2020-08-05 2:50:17 PM  
Apple/Google contact tracing API that respects user privacy?

That's where you are wrong kiddo.
 
2020-08-05 2:53:45 PM  
It's actually a state I would have bet would be in the bottom 3 to ever choose to use something like this.
 
2020-08-05 2:54:58 PM  
Rhode Island is using a mobile app developed by Salesforce: "It also is compliant with applicable privacy laws, including the Health Insurance Portability and Accountability Act (HIPAA)."

And they did it for free: "Salesforce has agreed to a six-month contract to set up and provide support for the program and app for free."

So, subby, feel free to shiat on other states -- but leave Rhody alone.
 
2020-08-05 3:00:24 PM  

Random Anonymous Blackmail: Apple/Google contact tracing API that respects user privacy?

That's where you are wrong kiddo.


This is where default cynicism hurts us - it's so much easier to assume everyone is evil than to evaluate things on a case by case basis that the average lazy person won't bother to try to figure out what's true and what is not.
 
2020-08-05 3:06:54 PM  

Enigmamf: Random Anonymous Blackmail: Apple/Google contact tracing API that respects user privacy?

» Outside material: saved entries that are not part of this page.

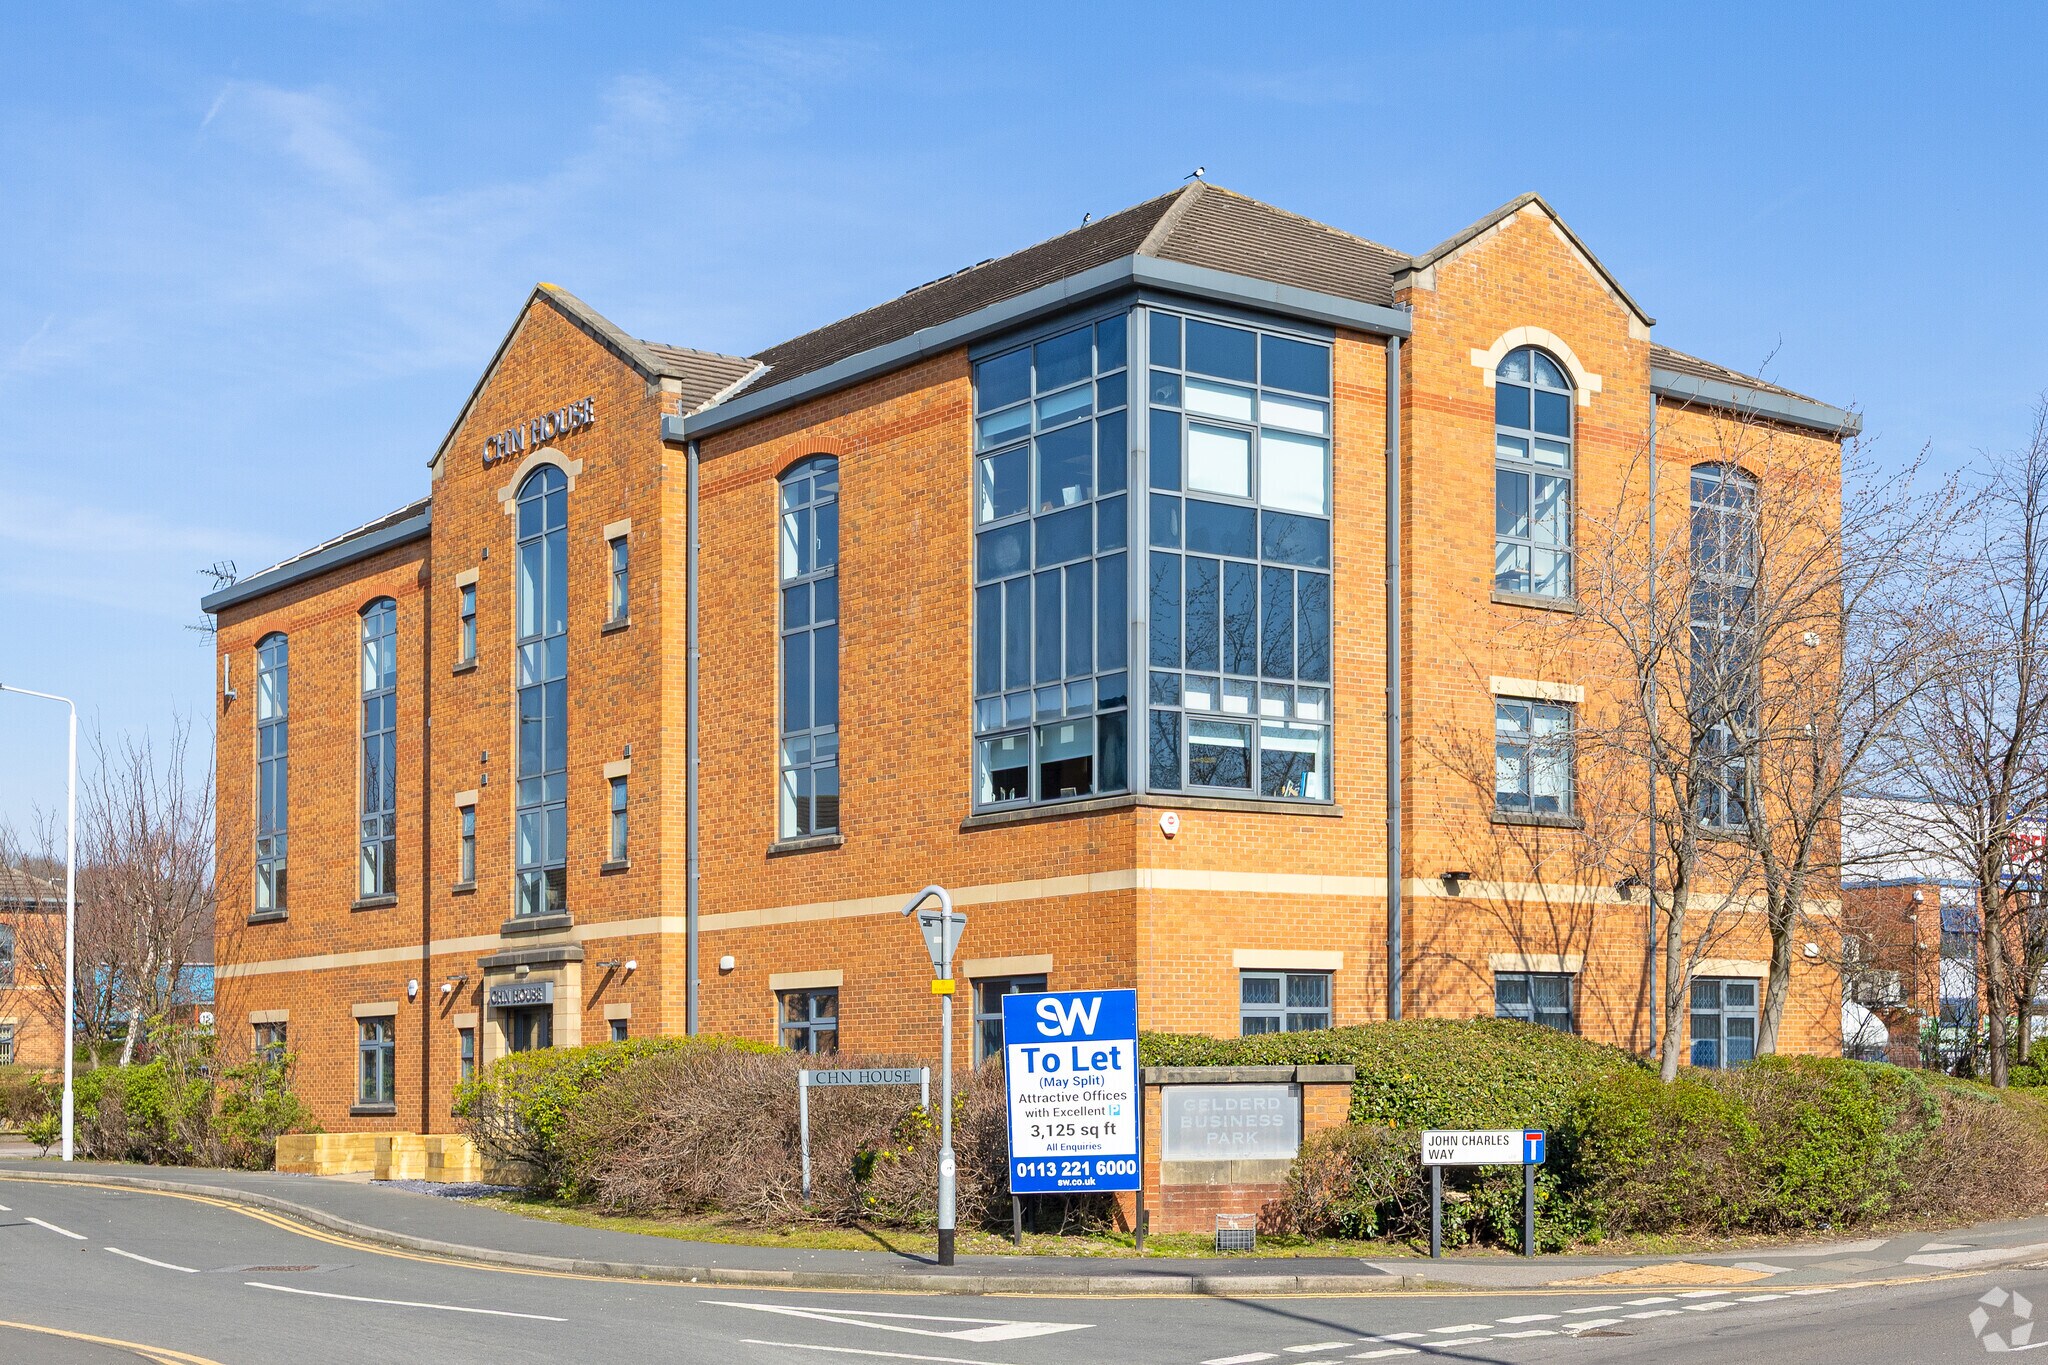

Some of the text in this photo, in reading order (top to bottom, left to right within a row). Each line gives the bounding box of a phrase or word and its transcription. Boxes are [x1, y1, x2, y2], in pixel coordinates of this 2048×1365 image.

[483, 396, 595, 462] CHN HOUSE
[491, 987, 543, 1005] CHN HOUSE
[1036, 997, 1102, 1037] SW
[1021, 1046, 1122, 1074] To Let
[816, 1070, 912, 1084] CHN HOUSE
[1039, 1075, 1105, 1089] (May Split)
[1018, 1090, 1127, 1104] Attractive Offices
[1183, 1097, 1280, 1112] GELDERD
[1025, 1107, 1049, 1118] with
[1053, 1106, 1105, 1117] Excellent
[1180, 1114, 1284, 1129] BUSINESS
[1030, 1122, 1116, 1139] 3,125 sq ft
[1206, 1131, 1258, 1145] PARK
[1428, 1135, 1510, 1147] JOHN CHARLES
[1046, 1142, 1102, 1152] All Enquiries
[1428, 1149, 1454, 1160] WAY
[1016, 1160, 1137, 1177] 0113 221 6000
[1057, 1177, 1096, 1187] sw.co.uk

That's where you are wrong kiddo.

This is where default cynicism hurts us - it's so much easier to assume everyone is evil than to evaluate things on a case by case basis that the average lazy person won't bother to try to figure out what's true and what is not.

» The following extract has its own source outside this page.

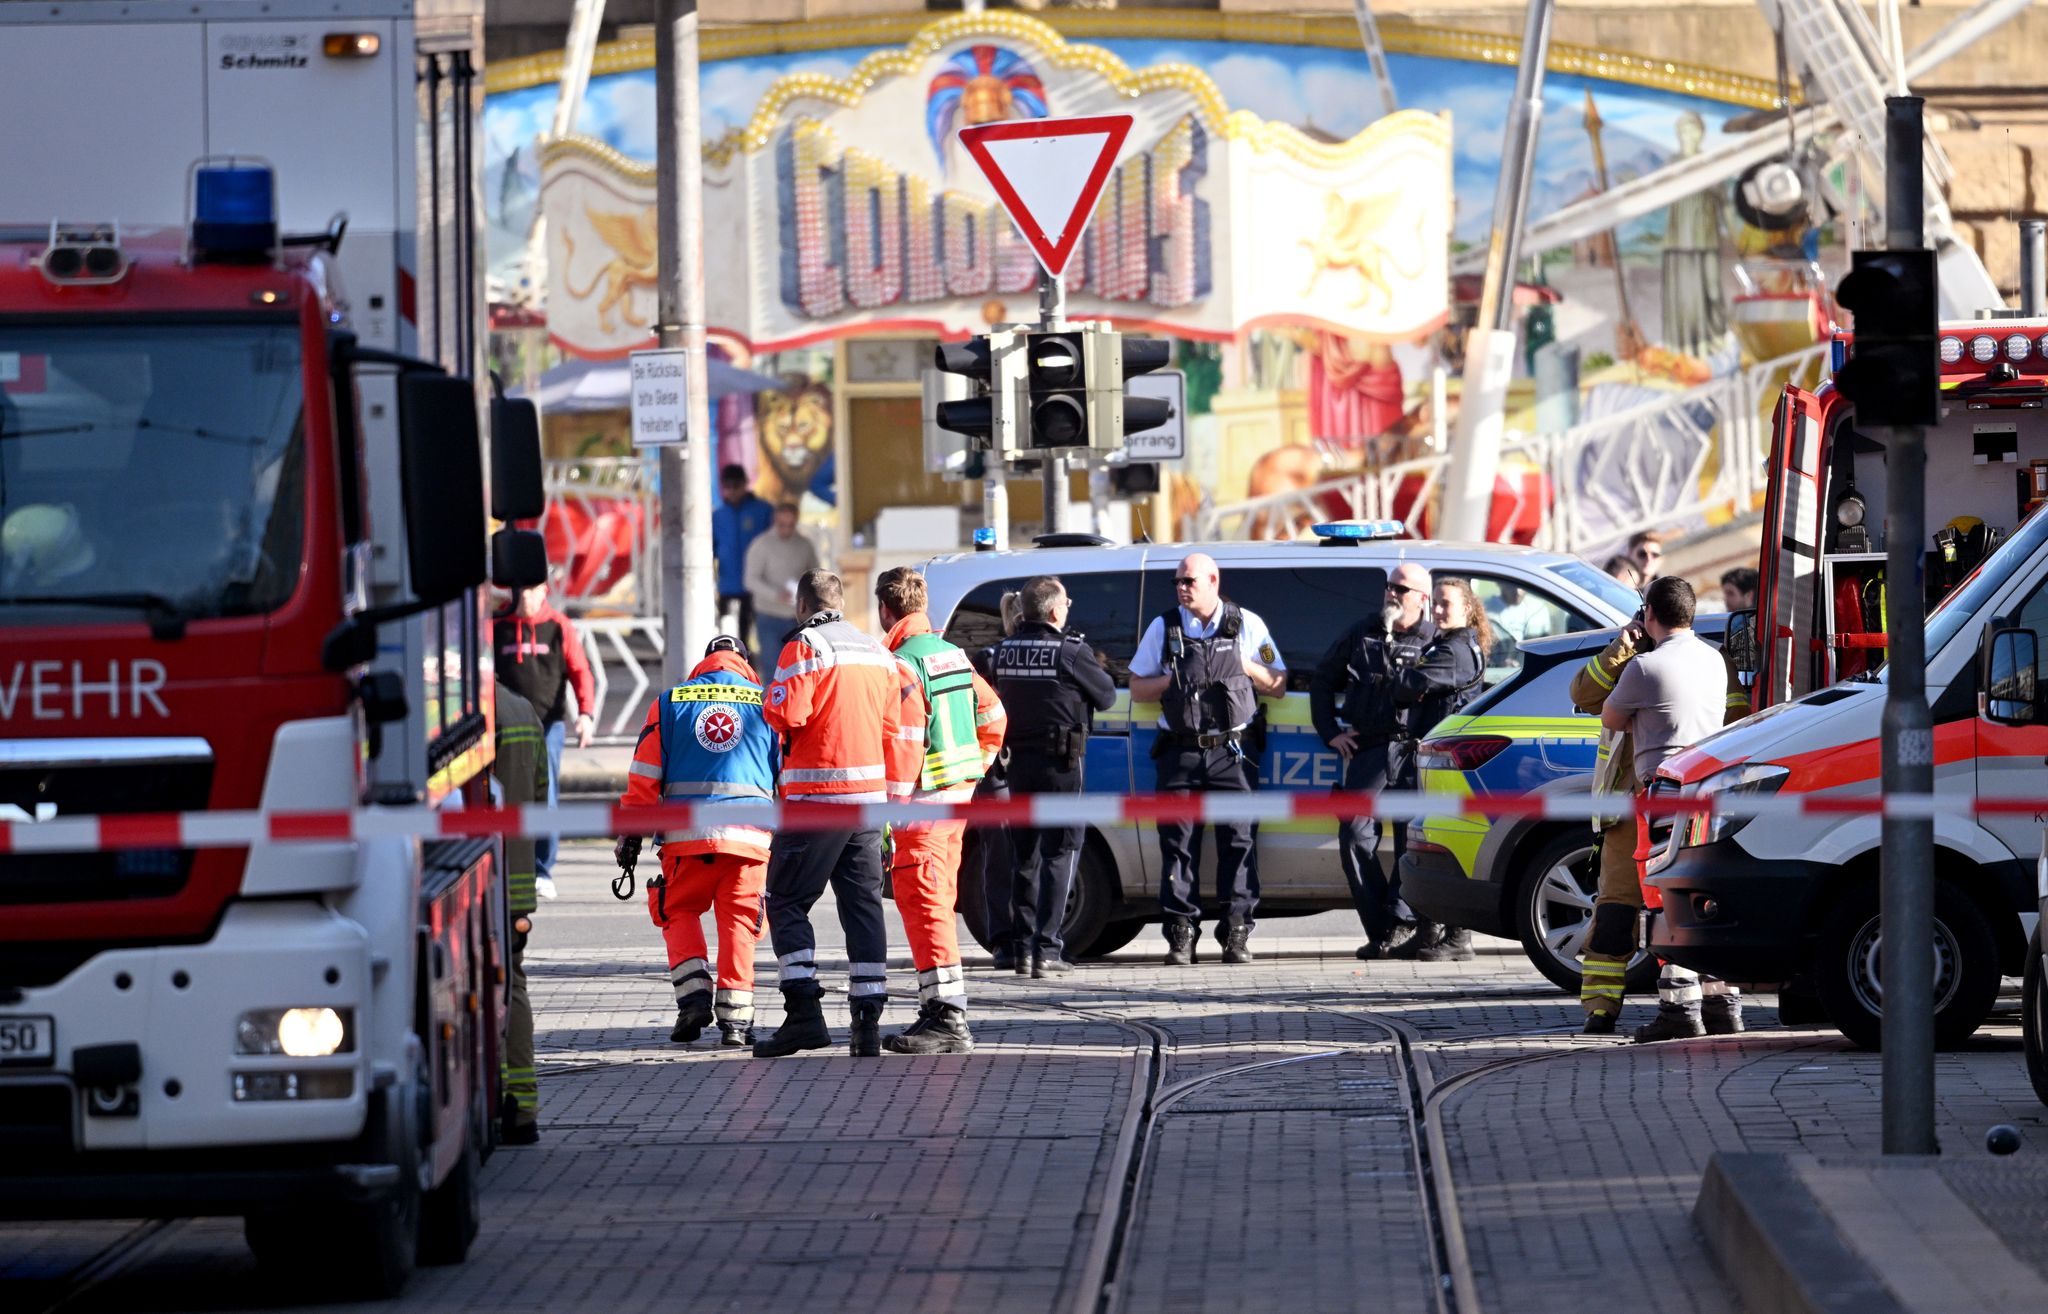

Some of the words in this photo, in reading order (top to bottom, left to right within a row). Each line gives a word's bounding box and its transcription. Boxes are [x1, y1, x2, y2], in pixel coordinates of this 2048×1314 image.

[220, 53, 309, 70] Schmitz
[997, 647, 1057, 667] POLIZEI
[700, 706, 740, 724] JOHANNITER
[699, 732, 739, 751] UNFALL-HILFE

But in real life, most of us don't have the time to research every single app we use.  I generally know how Google, FB, and Apple work.  And it is not as nefarious as people make it out to be.  But I could see instances where it could be troublesome.

So while you may call me lazy, I tend to think I put a good enough effort into looking into these things to say "I don't fully trust these apps, though I'm probably wrong-ish, and it is probably best not to freely give out the sort of information they want."
 
2020-08-05 3:15:13 PM  
Link to 9to5Mac article about Virginia's COVIDWISE app

Furthermore, Apple yesterday released the fourth developer beta of iOS 14, which brings support for the Exposure Notification API. The feature did not work in the first three developer betas, and it still does not work in the iOS 14 public beta. That being said, we expect a new version of the iOS 14 public beta as soon as this week, which should add support for the Exposure Notification API.

Damnit
 
2020-08-05 3:22:17 PM  

Enigmamf: Random Anonymous Blackmail: Apple/Google contact tracing API that respects user privacy?

That's where you are wrong kiddo.

This is where default cynicism hurts us - it's so much easier to assume everyone is evil than to evaluate things on a case by case basis that the average lazy person won't bother to try to figure out what's true and what is not.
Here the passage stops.